Directions:
Produce an exact transcription of the listing below, omitting the pictures.

Task inputs:

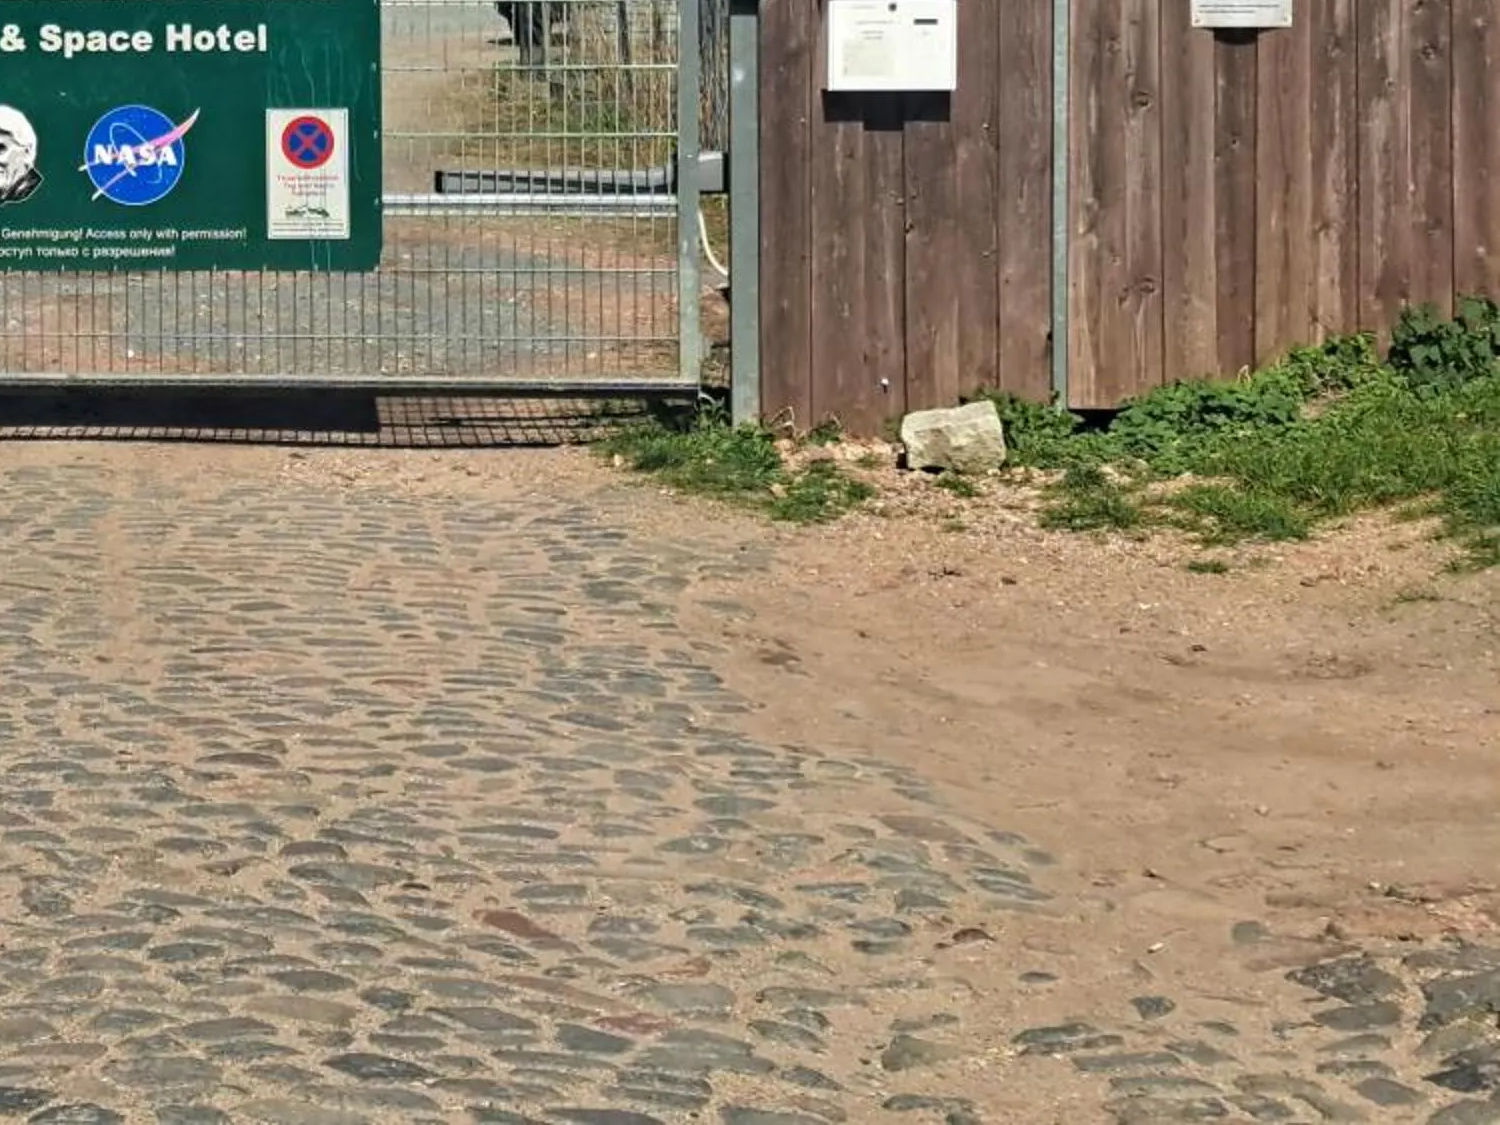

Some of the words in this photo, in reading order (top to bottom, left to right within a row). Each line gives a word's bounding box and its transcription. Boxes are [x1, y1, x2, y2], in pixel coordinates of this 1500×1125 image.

[39, 24, 154, 59] Space
[165, 23, 268, 52] Hotel
[94, 143, 178, 166] NASA
[1, 227, 83, 242] Genehmigung!
[86, 227, 127, 240] Access
[129, 227, 153, 242] only
[155, 227, 179, 240] with
[181, 227, 248, 242] permission!
[36, 246, 79, 257] только
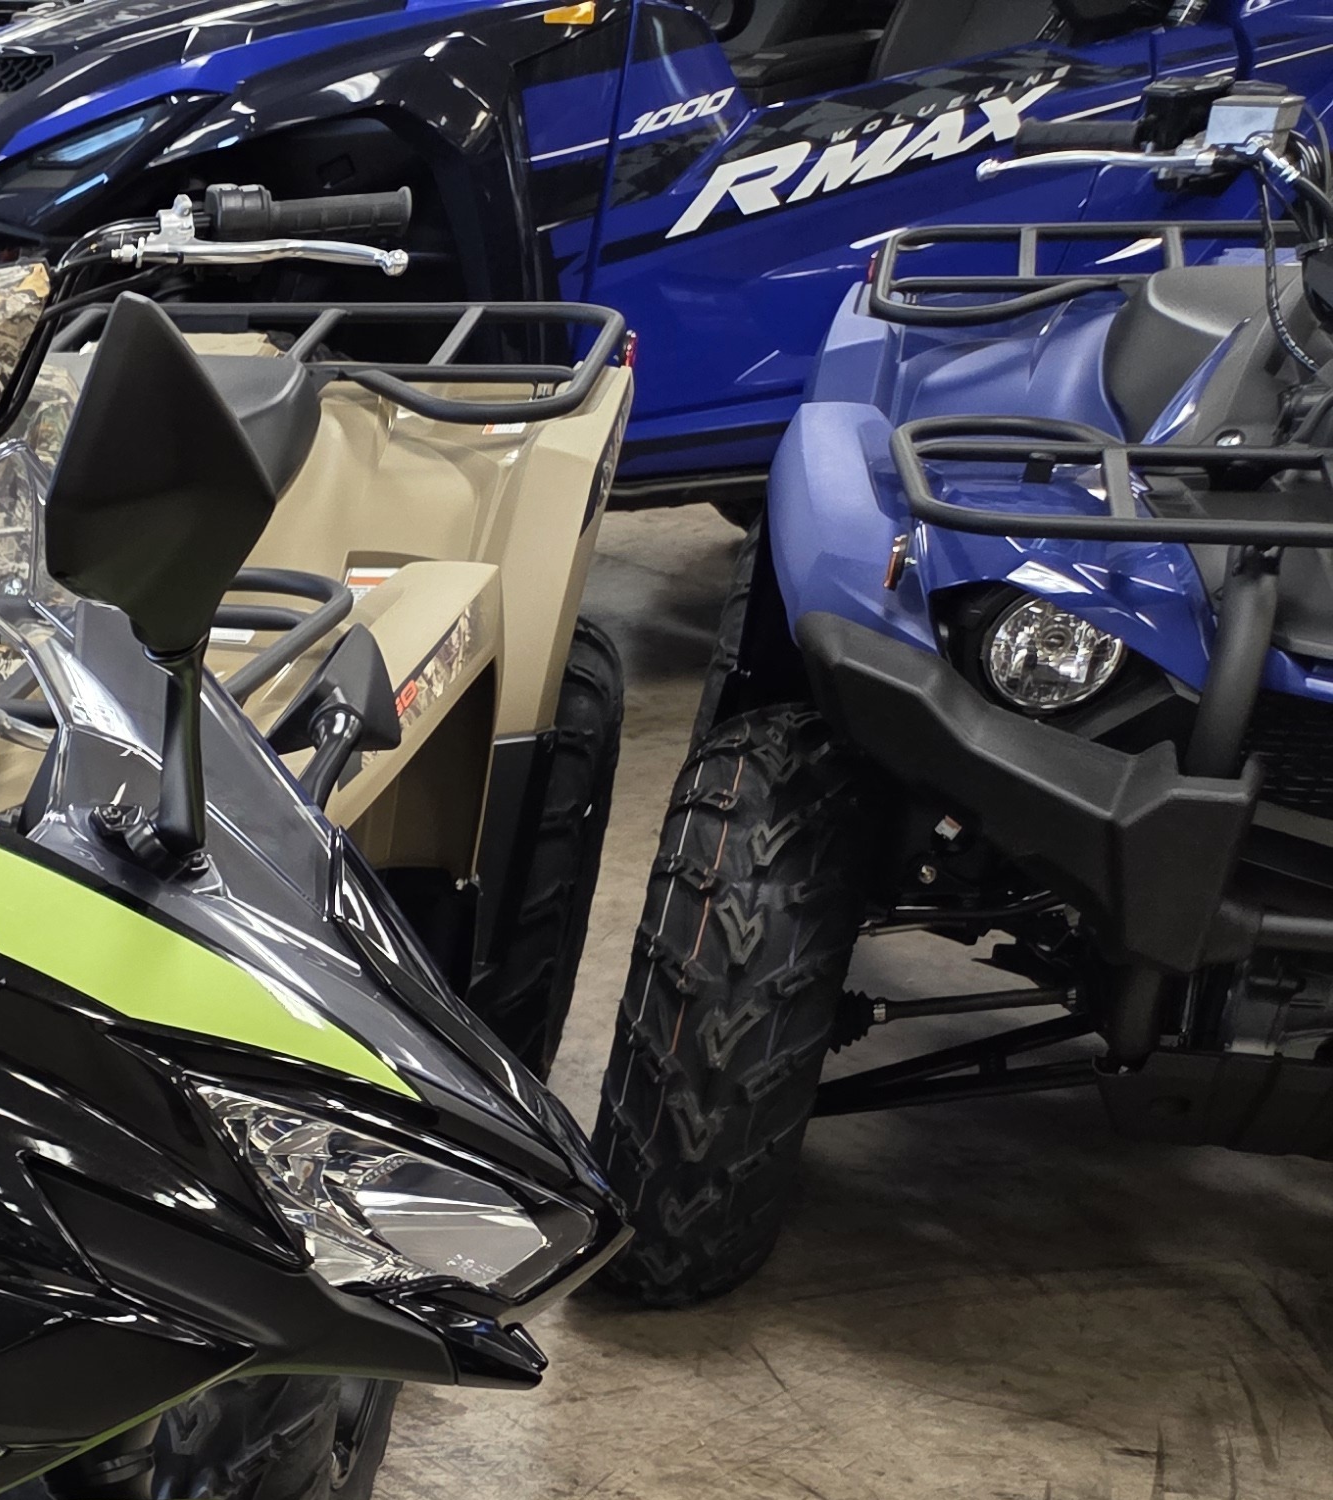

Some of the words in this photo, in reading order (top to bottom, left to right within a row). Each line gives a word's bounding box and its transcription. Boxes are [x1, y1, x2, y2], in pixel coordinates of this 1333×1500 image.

[618, 87, 735, 140] 1000
[831, 65, 1071, 142] WOLVERINE
[665, 80, 1060, 239] RMAX
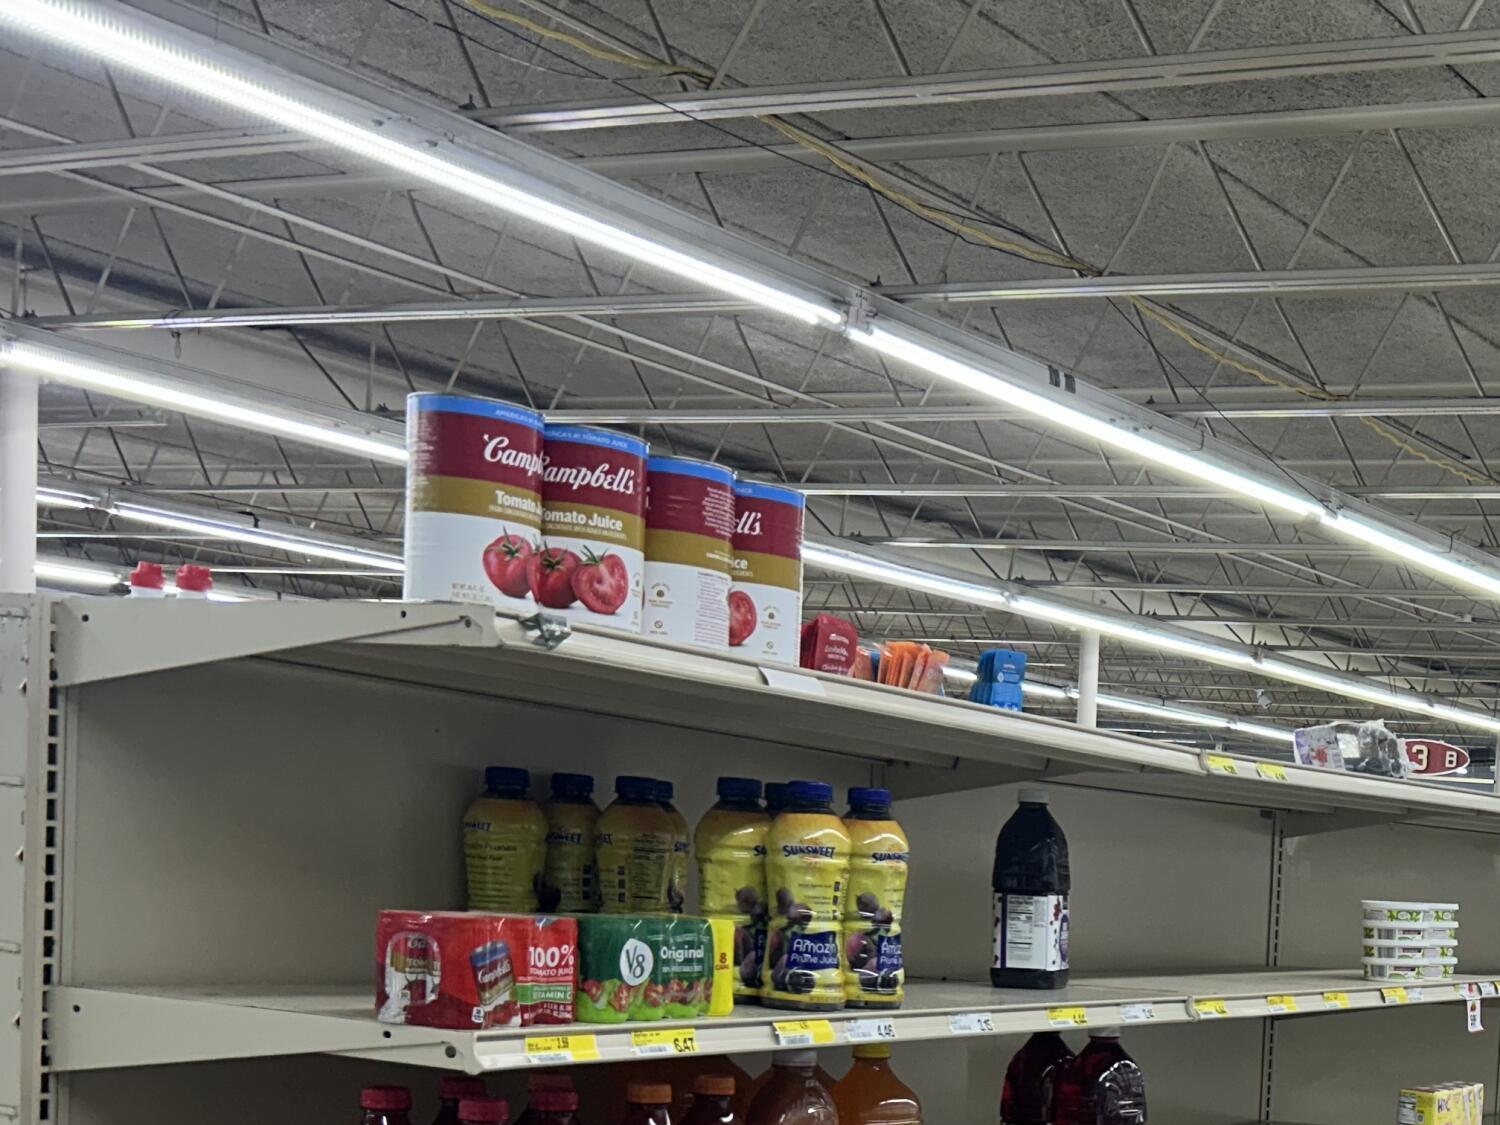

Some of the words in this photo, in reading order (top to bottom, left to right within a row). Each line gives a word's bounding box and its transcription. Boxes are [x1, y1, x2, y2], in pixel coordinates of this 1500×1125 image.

[588, 513, 624, 531] Juice
[1412, 745, 1429, 770] 3
[1445, 752, 1457, 768] B
[783, 845, 836, 858] SUNSWEET
[529, 945, 575, 967] 100%
[626, 946, 646, 978] V8
[660, 945, 704, 962] Original
[719, 952, 727, 964] 8
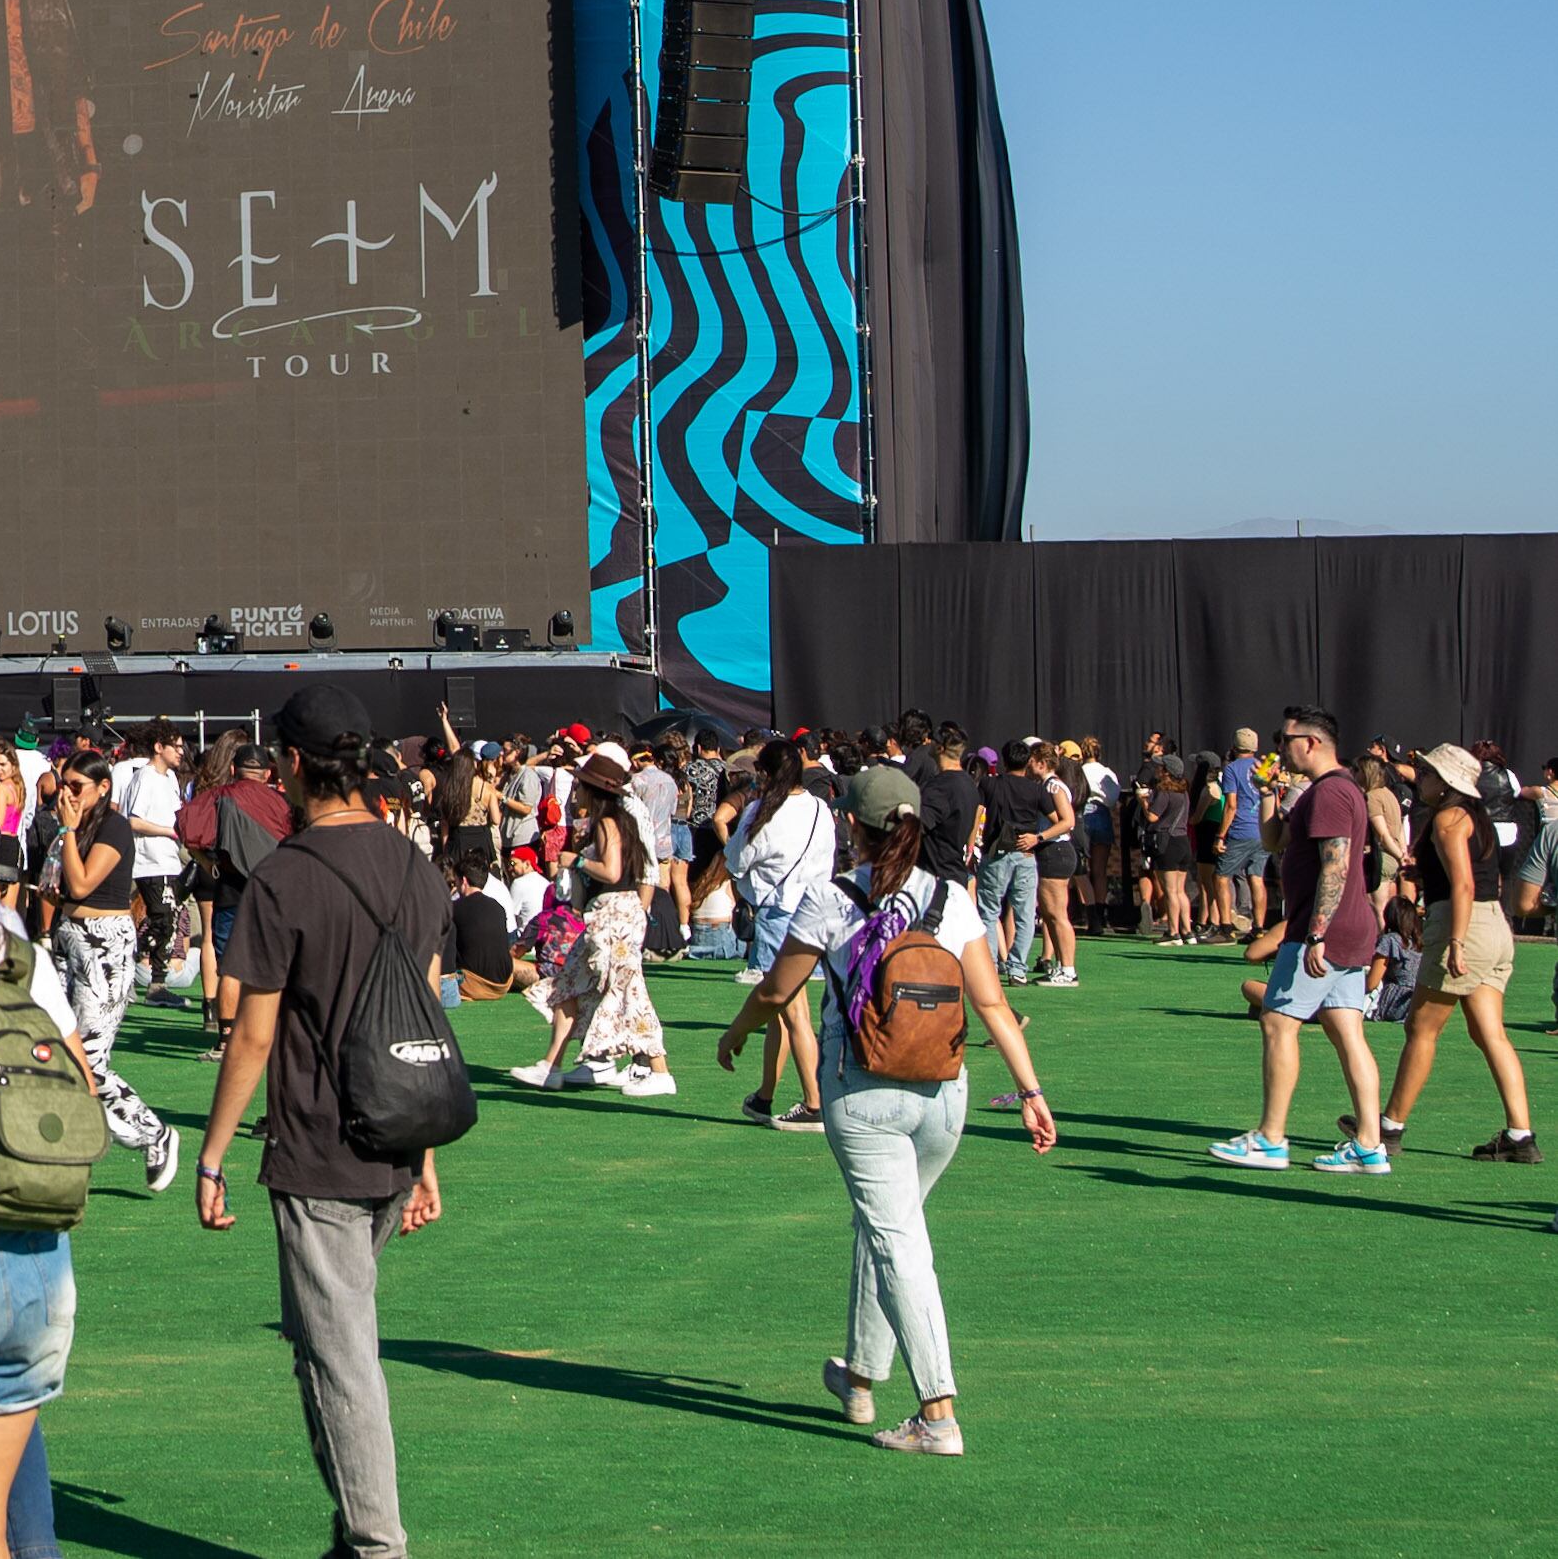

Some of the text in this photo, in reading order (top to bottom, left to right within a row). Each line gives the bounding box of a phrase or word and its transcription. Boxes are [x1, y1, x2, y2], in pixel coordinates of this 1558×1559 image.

[144, 3, 295, 82] Santiago
[309, 5, 347, 49] de
[331, 64, 416, 131] Arena
[246, 352, 392, 379] TOUR
[231, 604, 303, 622] PUNTO
[369, 607, 400, 617] MEDIA
[7, 610, 79, 636] LOTUS
[141, 617, 200, 629] ENTRADAS
[231, 622, 305, 637] TICKET
[369, 618, 417, 628] PARTNER:

Response:
Some of the words in this photo, in reading order (top to bottom, left to right within a row). Each line gives a word's bounding box and its transcription. Boxes are [x1, y1, x2, y2], in pixel coordinates of this 1500×1125 image.

[39, 24, 154, 59] Space
[165, 23, 268, 52] Hotel
[94, 143, 178, 166] NASA
[1, 227, 83, 242] Genehmigung!
[86, 227, 127, 240] Access
[129, 227, 153, 242] only
[155, 227, 179, 240] with
[181, 227, 248, 242] permission!
[36, 246, 79, 257] только

Some of the words in this photo, in reading order (top to bottom, left to right within a row). Each line gives a word's bounding box and its transcription. Boxes are [x1, y1, x2, y2], in pixel coordinates of this 1333×1500 image.

[618, 87, 735, 140] 1000
[831, 65, 1071, 142] WOLVERINE
[665, 80, 1060, 239] RMAX

Some of the words in this photo, in reading order (top to bottom, left to right within a row). Each line gives a word's bounding box and its transcription. Boxes are [x1, y1, x2, y2], in pixel coordinates of this 1500×1125 image.

[588, 513, 624, 531] Juice
[1412, 745, 1429, 770] 3
[1445, 752, 1457, 768] B
[783, 845, 836, 858] SUNSWEET
[529, 945, 575, 967] 100%
[626, 946, 646, 978] V8
[660, 945, 704, 962] Original
[719, 952, 727, 964] 8

Some of the text in this photo, in reading order (top to bottom, left to right within a row). Each line gives the bounding box of a phrase or word and its transcription. Boxes are [x1, y1, x2, y2], in pixel coordinates of this 1558×1559 image.

[144, 3, 295, 82] Santiago
[309, 5, 347, 49] de
[331, 64, 416, 131] Arena
[246, 352, 392, 379] TOUR
[231, 604, 303, 622] PUNTO
[369, 607, 400, 617] MEDIA
[7, 610, 79, 636] LOTUS
[141, 617, 200, 629] ENTRADAS
[231, 622, 305, 637] TICKET
[369, 618, 417, 628] PARTNER:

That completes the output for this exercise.